Dimerization of V2 vasopressin receptor and CaSR calcium sensing receptor with various other GPCRs.
HEK293 cells were transiently transfected with increasing amounts of V2R-RLuc (A and B) or CaSR-RLuc (C) and with increasing amounts of either AT1R-Venus, AT2R-Venus, β2AdR-Venus, CaSR-Venus, CB1R-Venus or V2R-Venus. Various amounts of empty pcDNA3.1 plasmid was added to maintain constant total transfected plasmid amount. Total luminescence and Venus fluorescence were measured at the beginning of each experiment. BRET ratio was calculated as Emission530/Emission485, and was plotted as a function of measured fluorescence. (A) Representative Type I plots for V2R-β2AdR interaction (left plot) and V2R-V2R interaction (right plot).
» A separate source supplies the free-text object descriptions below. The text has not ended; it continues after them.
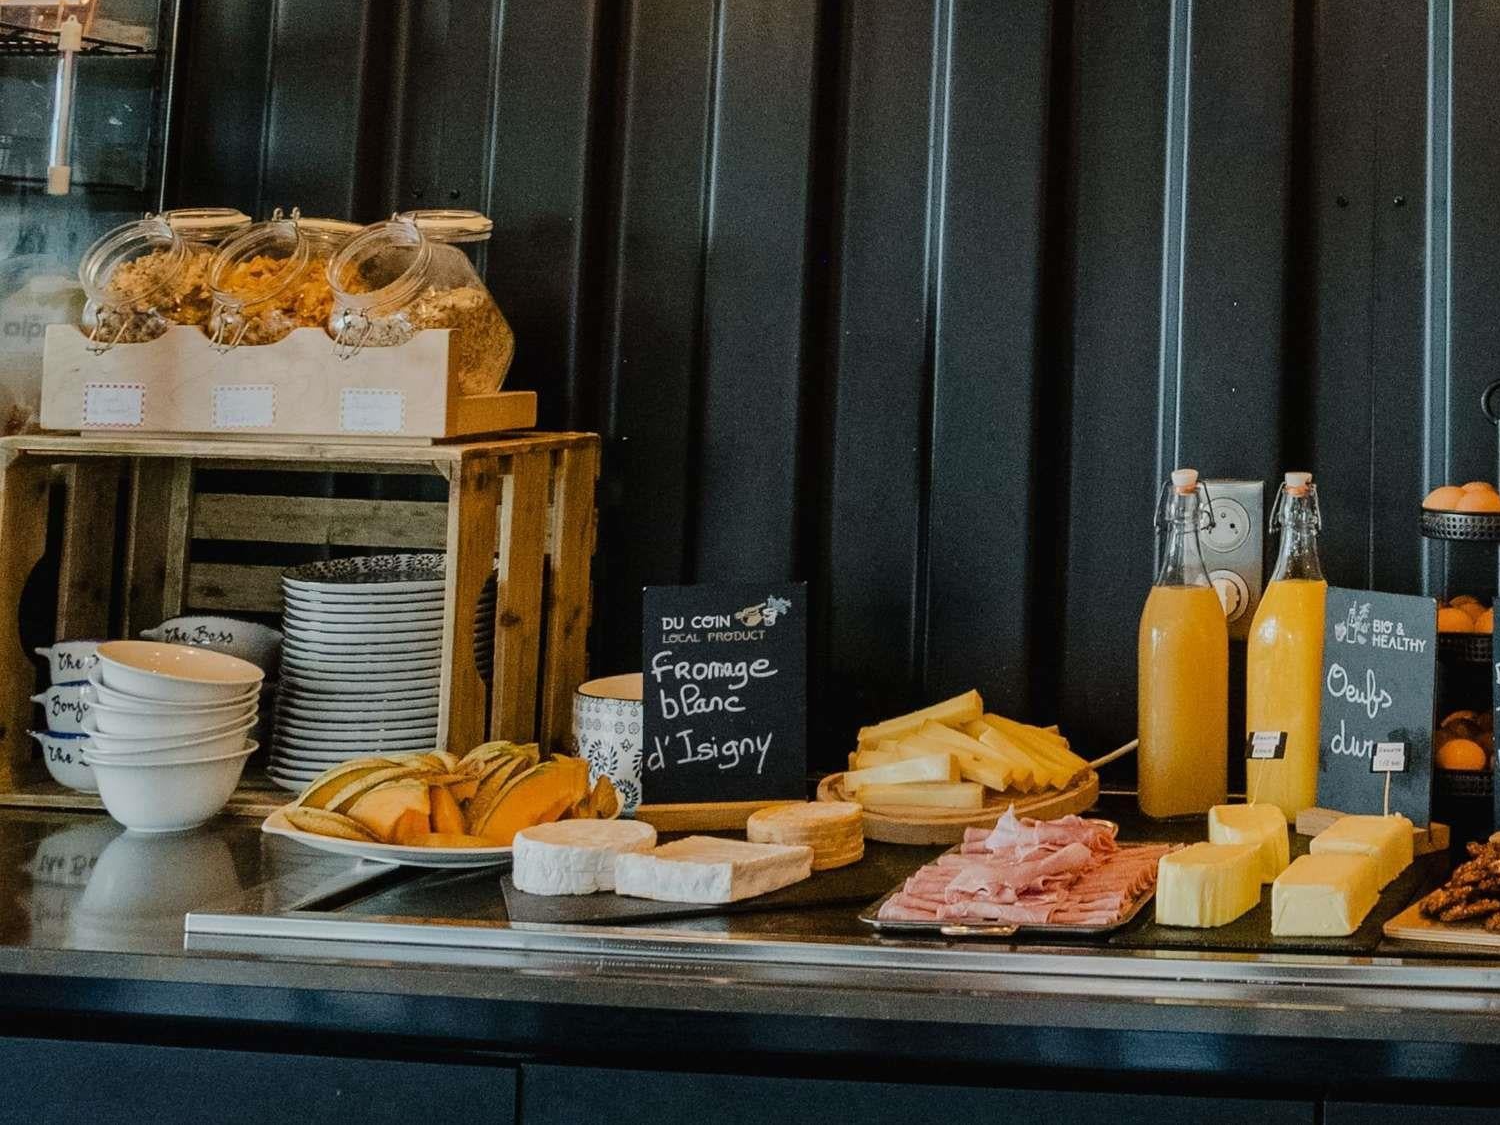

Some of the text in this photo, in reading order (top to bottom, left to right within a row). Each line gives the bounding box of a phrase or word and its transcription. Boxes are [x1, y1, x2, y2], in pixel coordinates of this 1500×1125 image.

[662, 615, 731, 630] DU COIN
[1372, 619, 1405, 636] BIO &
[662, 630, 766, 644] LOCAL PRODUCT
[1372, 634, 1427, 653] HEALTHY
[659, 683, 746, 719] blanc
[1326, 662, 1393, 719] Oeufs
[647, 729, 773, 774] d'Isigny
[1330, 719, 1374, 758] dur
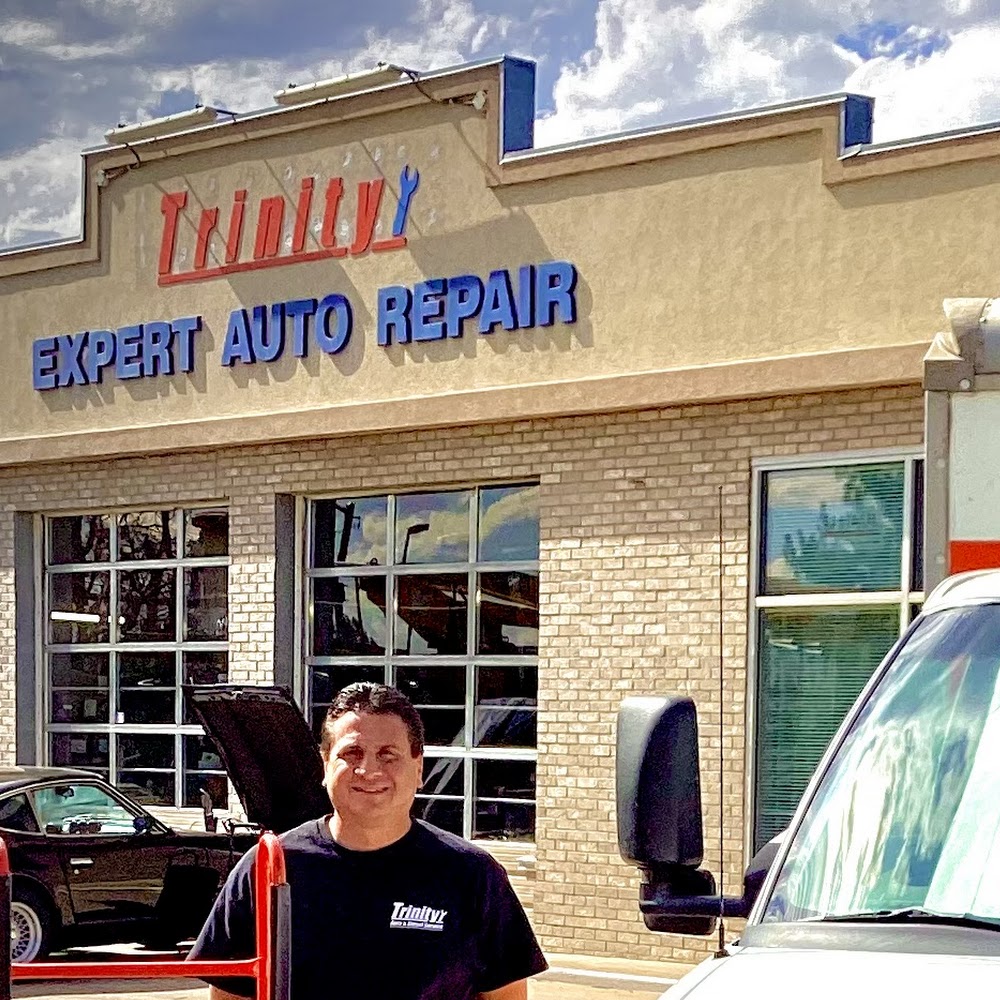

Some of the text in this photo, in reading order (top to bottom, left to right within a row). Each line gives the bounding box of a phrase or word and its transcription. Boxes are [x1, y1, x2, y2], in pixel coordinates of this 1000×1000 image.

[159, 176, 386, 278] Trinity
[33, 260, 578, 391] EXPERT AUTO REPAIR
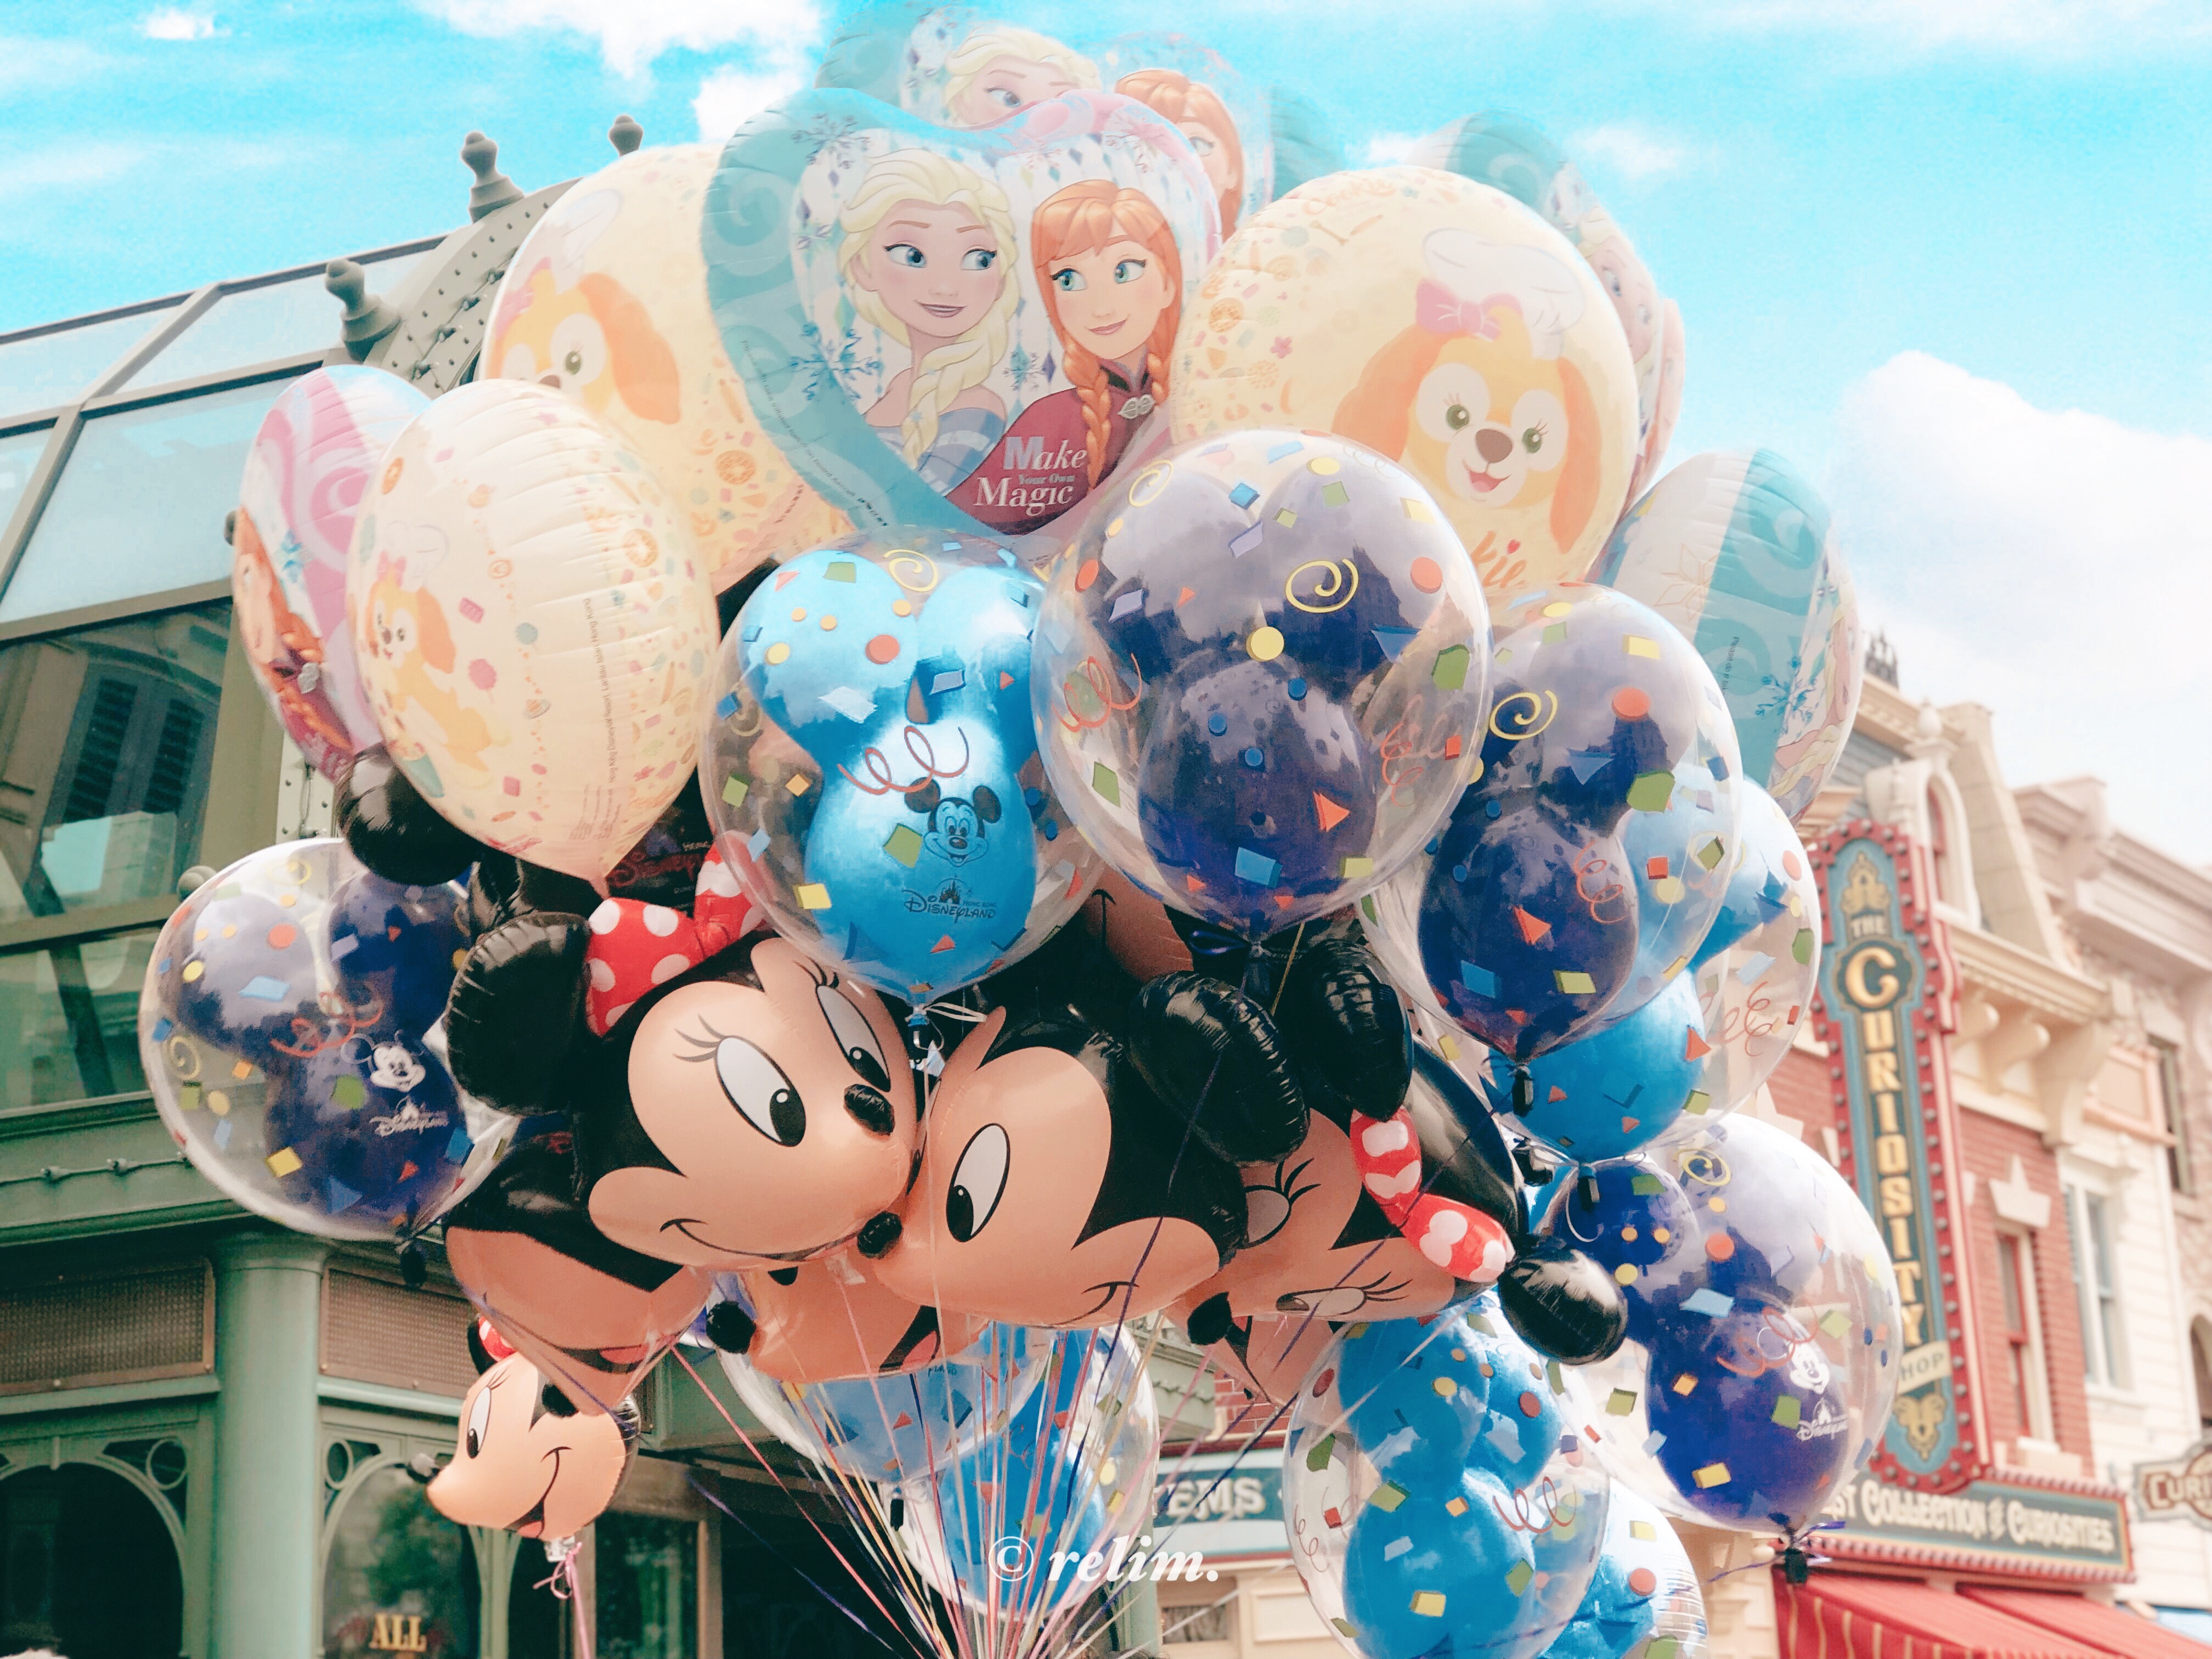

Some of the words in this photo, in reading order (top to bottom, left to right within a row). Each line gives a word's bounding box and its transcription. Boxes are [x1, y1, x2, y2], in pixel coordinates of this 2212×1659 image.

[1003, 437, 1087, 470] Make
[974, 477, 1074, 516] Magic
[1852, 916, 1886, 938] THE
[1846, 947, 1923, 1345] CURIOSITY
[1900, 1352, 1945, 1381] HOP
[1861, 1480, 1988, 1539] COLLECTION
[2007, 1500, 2115, 1553] CURIOSITIES
[370, 1614, 427, 1651] ALL
Measured points were sorted into low/high luminescence groups based on the total measured luminescence (Figure S2). (B and C) The slope of linear regression was calculated for the low and high luminescence groups of different GPCR pairs, and was plotted as a column diagram. Difference between the slopes of linear regression was determined by ANCOVA. n = 3–8.
Figure 5.
Preferred method to perform qBRET experiments.
In Type I plots BRET ratio is plotted as a function of acceptor expression (fluorescence), while in Type II plots BRET ratio is plotted as a function acceptor/donor expression (fluorescence/luminescence).